Panacea Biotec Hits Lower Circuit After U.S. FDA Issues Warning Letter To Baddi Unit
The company has 15 working days to respond to the U.S. FDA’s letter.
Shares of Panacea Biotec Ltd. hit the lower circuit after the U.S. drug regulator issued a warning letter to its unit in Baddi, Himachal Pradesh, barring fresh approvals.
The warning letter issued by the U.S. Food and Drug Administration, following an inspection from Feb. 10-20, 2020, summarises significant violations of current good manufacturing practice regulations for finished pharmaceuticals, according to a statement on the website of the health regulator.
“Until you correct all violations completely and we confirm your compliance with CGMP (current good manufacturing practice), FDA may withhold approval of any new drug applications or supplements listing your firm as a drug manufacturer,” it said in the statement.
The National Stock Exchange of India has sought a response from Panacea Biotec, which is awaited. BloombergQuint too emailed queries but the company didn’t respond immediately.

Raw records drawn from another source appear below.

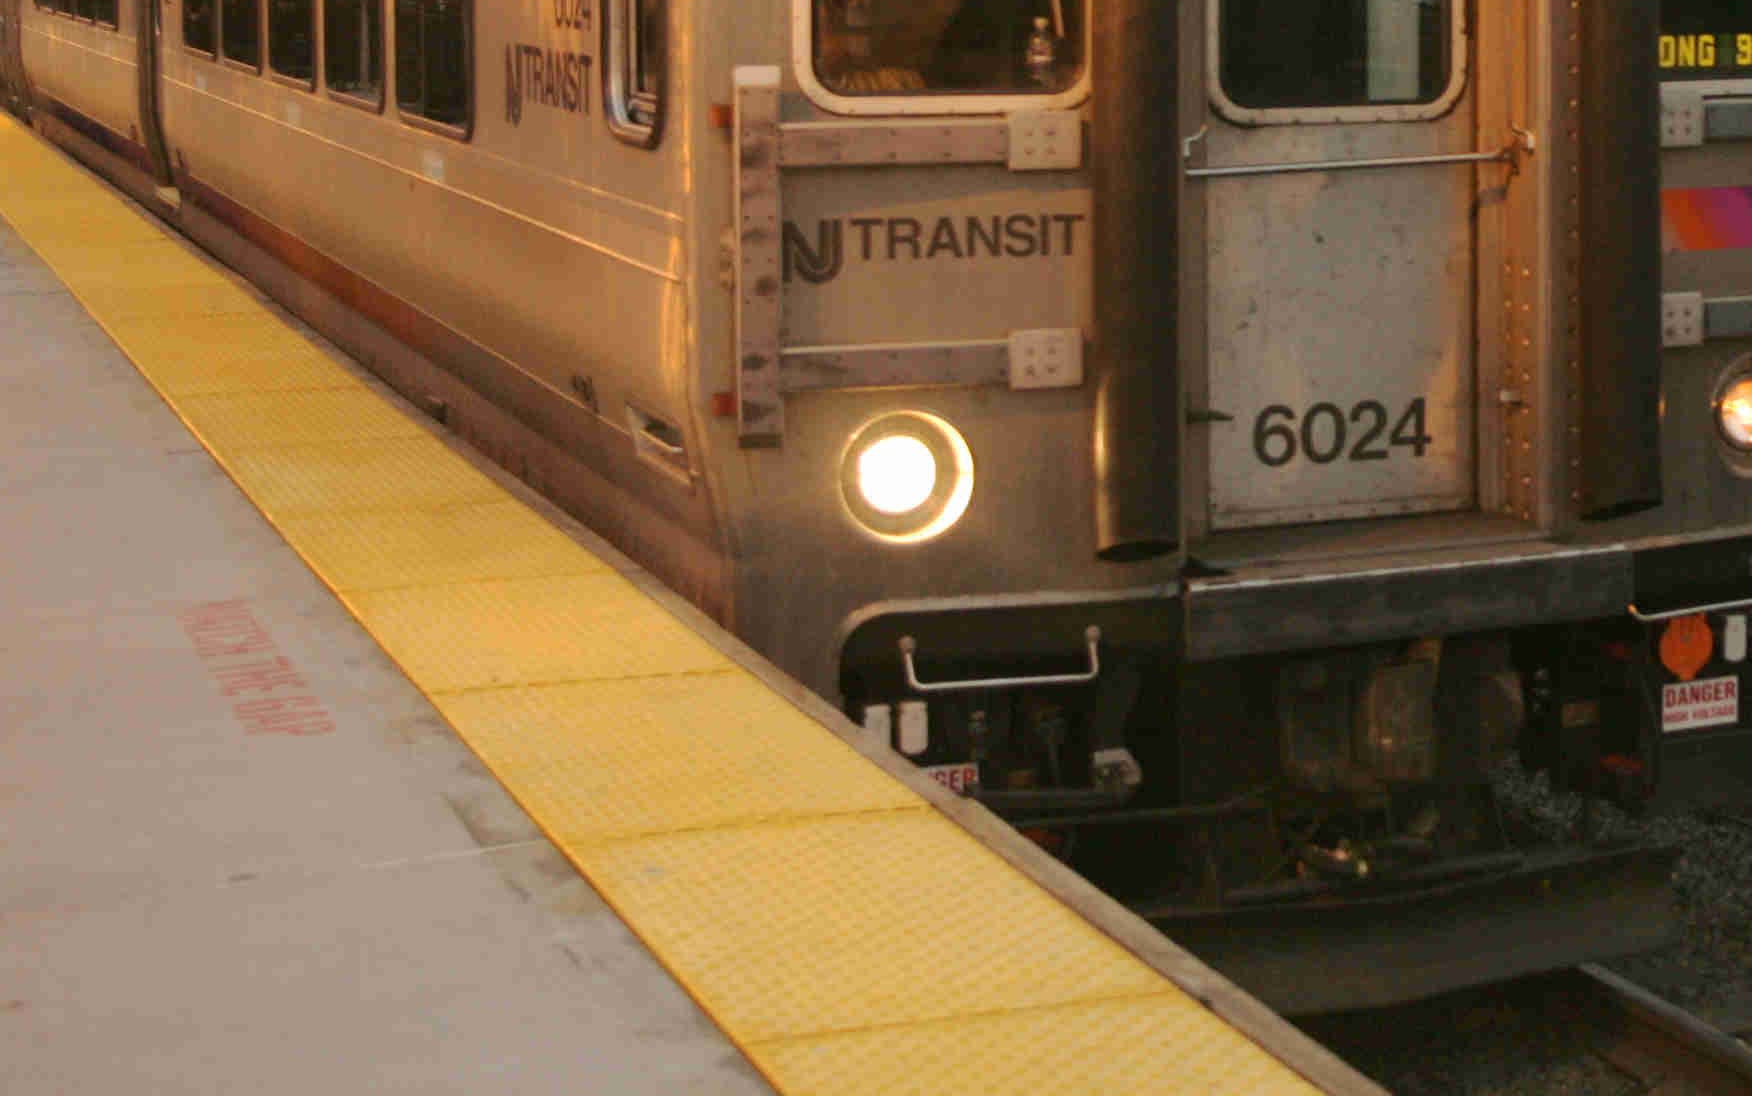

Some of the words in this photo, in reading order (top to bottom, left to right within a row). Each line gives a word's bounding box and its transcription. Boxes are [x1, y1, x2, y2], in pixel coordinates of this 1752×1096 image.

[1658, 34, 1716, 68] ONG
[523, 45, 592, 117] TRANSIT
[850, 213, 1086, 261] TRANSIT
[1253, 395, 1432, 467] 6024
[1664, 679, 1735, 709] DANGER

Some of the violations highlighted by the U.S. FDA:
Observation: The firm failed to establish laboratory controls that include scientifically sound and appropriate specifications, standards, sampling plans, and test procedures designed to assure that components, drug product containers, closures, in-process material, labeling and drug products conform to appropriate standards of identity, strength, quality and purity.

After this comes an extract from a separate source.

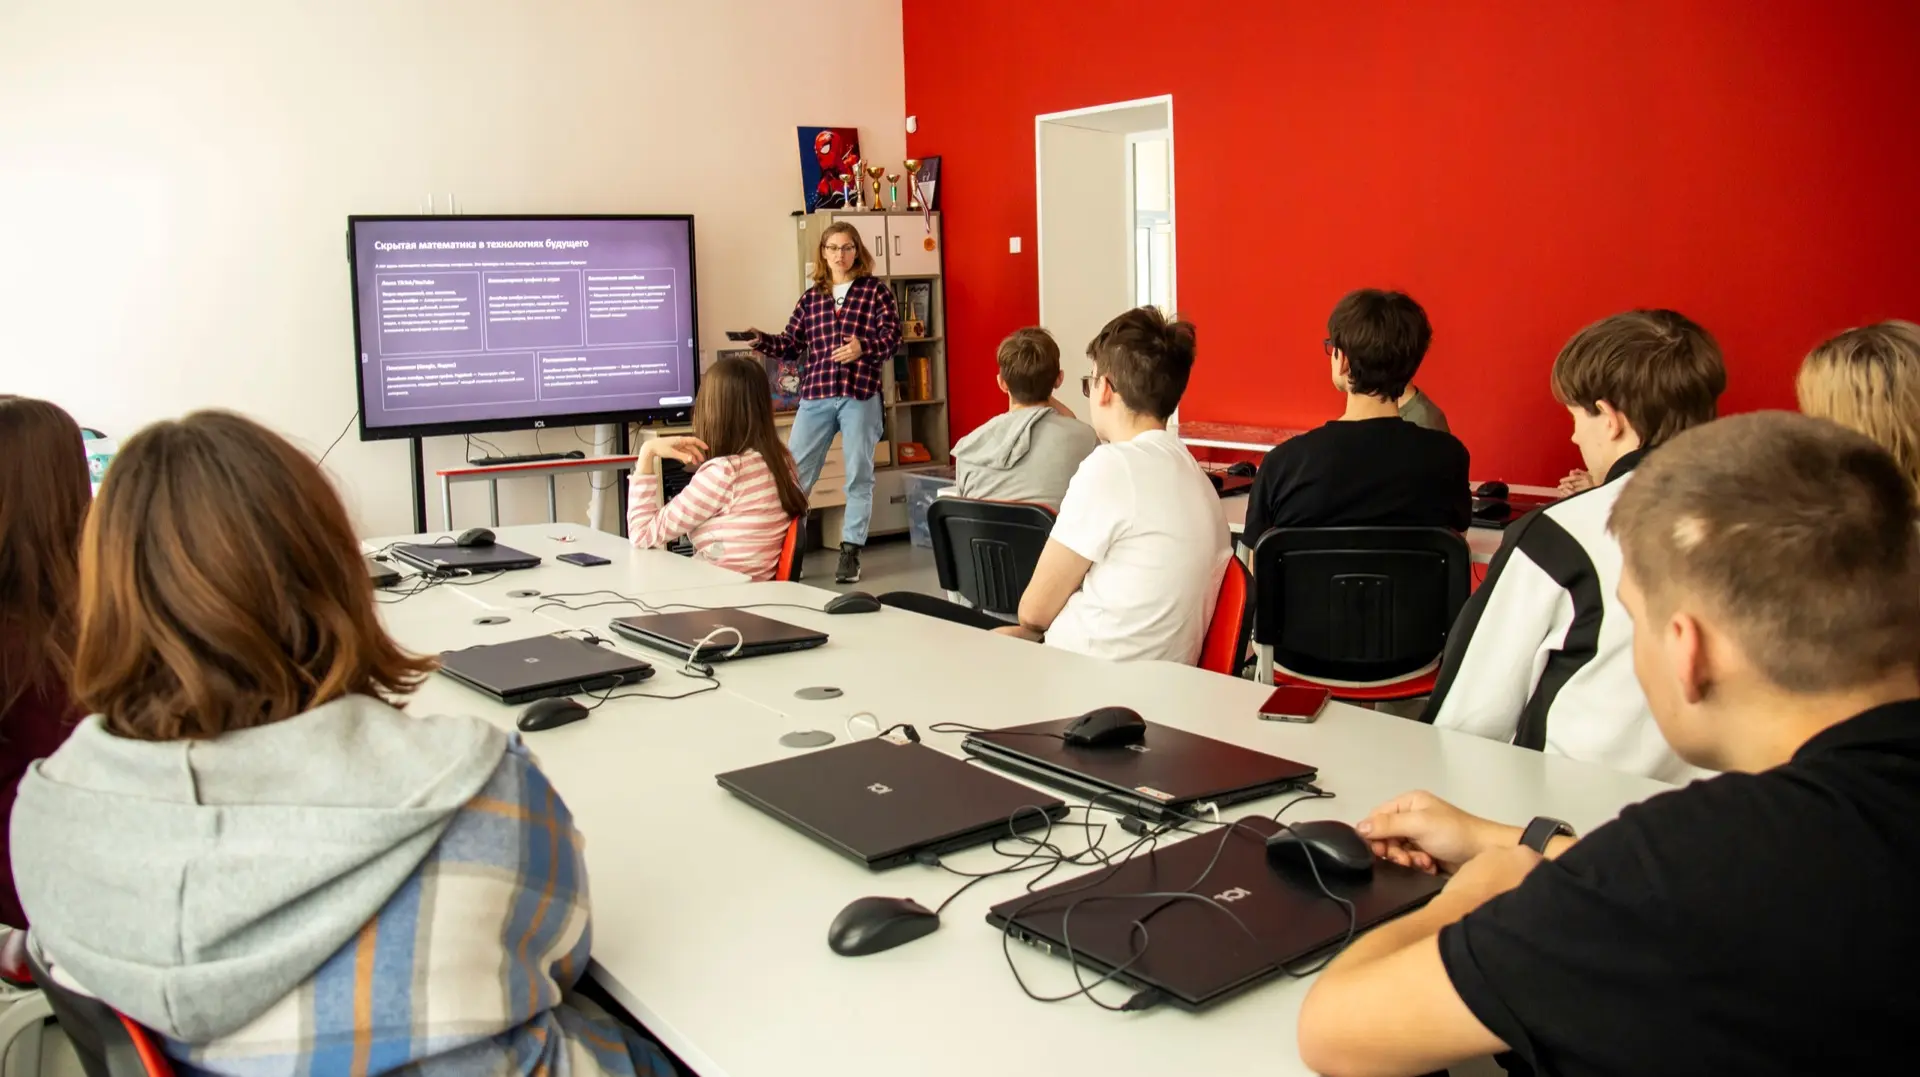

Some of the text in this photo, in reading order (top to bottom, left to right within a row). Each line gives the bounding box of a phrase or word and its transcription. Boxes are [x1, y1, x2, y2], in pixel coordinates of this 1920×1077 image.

[374, 238, 590, 252] Скрытая математика в технологиях будущего

What Is Asked: The U.S. FDA has sought a comprehensive, independent assessment of the company’s laboratory practices, procedures, methods, equipment and analyst competencies, as a response to this observation. It also asked the drugmaker to review all laboratory test methods to ensure that they are well-defined in order to enable reproducibility and remediate any identified gaps.
Observation: Panacea Biotec has failed to establish an adequate system for monitoring environmental conditions in aseptic processing areas.
What Is Asked: The regulator has sought remediate facility monitoring systems that will simultaneously and rapidly detect atypical changes of pressure in one or more cleanrooms. It has also called for a detailed description of how the company will ensure uninterrupted power supply for all the heating, ventilation, and air conditioning systems supporting each cleanroom.
The U.S. FDA has asked the company to respond to the letter within 15 working days with steps taken to correct the violations and prevent their recurrence.
Shares of Panacea Biotec fell for the second straight day to hit the 5% lower circuit, compared with a 0.17% gain in the Nifty 50 Index.